Effectively, embedding insurance eliminates the need for drivers to go through additional manual steps or fill out complex forms to obtain auto insurance, as all the data is collated from the platform or app. Platforms offer insurers a direct link to the driver meaning sharing of alternative data allowing for better underwriting, leading to better loss ratio and competitively priced insurance products. Drivers are not only matched to appropriate insurance, but also covered for risks they didn’t realize they needed. As a result, drivers can simply ‘tap and drive’ with the confidence that they are comprehensively protected at the right price. The outcome is drivers getting more suitable products; platforms having happier, more content drivers; and insurers getting better underwriting results; making it a win-win-win for all three: the platform, the driver and the insurer.


Underwriting the Two Ps: Price and Protection

Embedded insurance can make a huge difference to the financial wellbeing of on-demand drivers as insurers can develop fair pricing products for each individual based on a wealth of information.
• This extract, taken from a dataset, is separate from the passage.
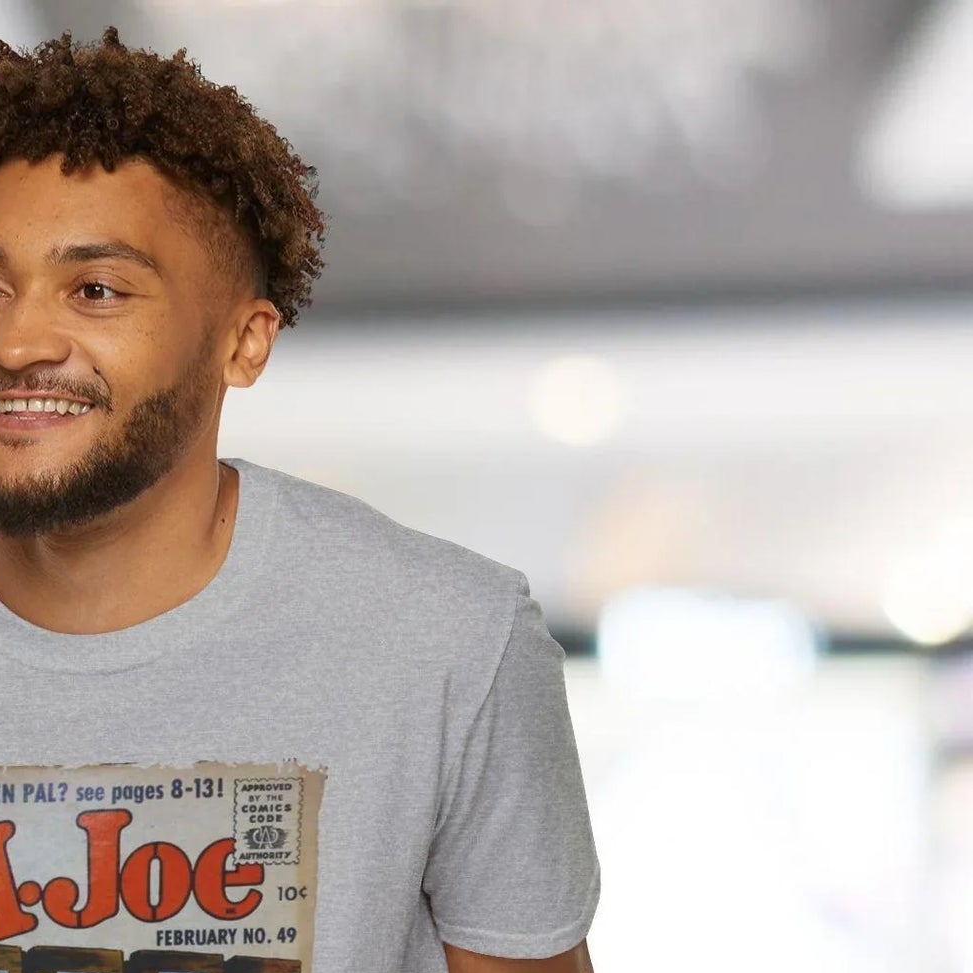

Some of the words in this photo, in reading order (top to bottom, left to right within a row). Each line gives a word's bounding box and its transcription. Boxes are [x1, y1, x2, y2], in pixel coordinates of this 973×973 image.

Underwriting plays a significant role in providing a fair policy for the on-demand worker, especially with drivers switching between types of work, such as from livery to courier. Furthermore, technology, dynamic pricing and deep understanding of insurance loss ratios are factored into the algorithms, which can crunch quickly through other data points to offer personalized insurance products for individual drivers.

Data from the platform (such delivery or trip data)), from claims and other proprietary datasets relevant to the on-demand worker such as speed, incidents, driving ability and safety, ensures that coverage is comprehensive and adaptable to the type of work the on-demand driver chooses to do. Embedded insurance offers on-demand auto insurers the opportunity to leverage all this data and mitigate any risk of alienating a huge workforce that has chosen flexibility and financial control over traditional working patterns.

On-demand drivers are leading the charge of the on-demand economy and through the convenience of embedded insurance solutions, their hearts and minds can be captured and the industry transformed.

Embedded insurance produces a symbiotic relationship between the on-demand driver, the insurer and the platform: each benefits from the involvement of the others, ultimately developing deeply personalized underwriting coupled with accurate pricing models that lead to an amazing customer experience that fosters loyalty.  Auto insurance now has the opportunity to revolutionize itself for the on-demand economy.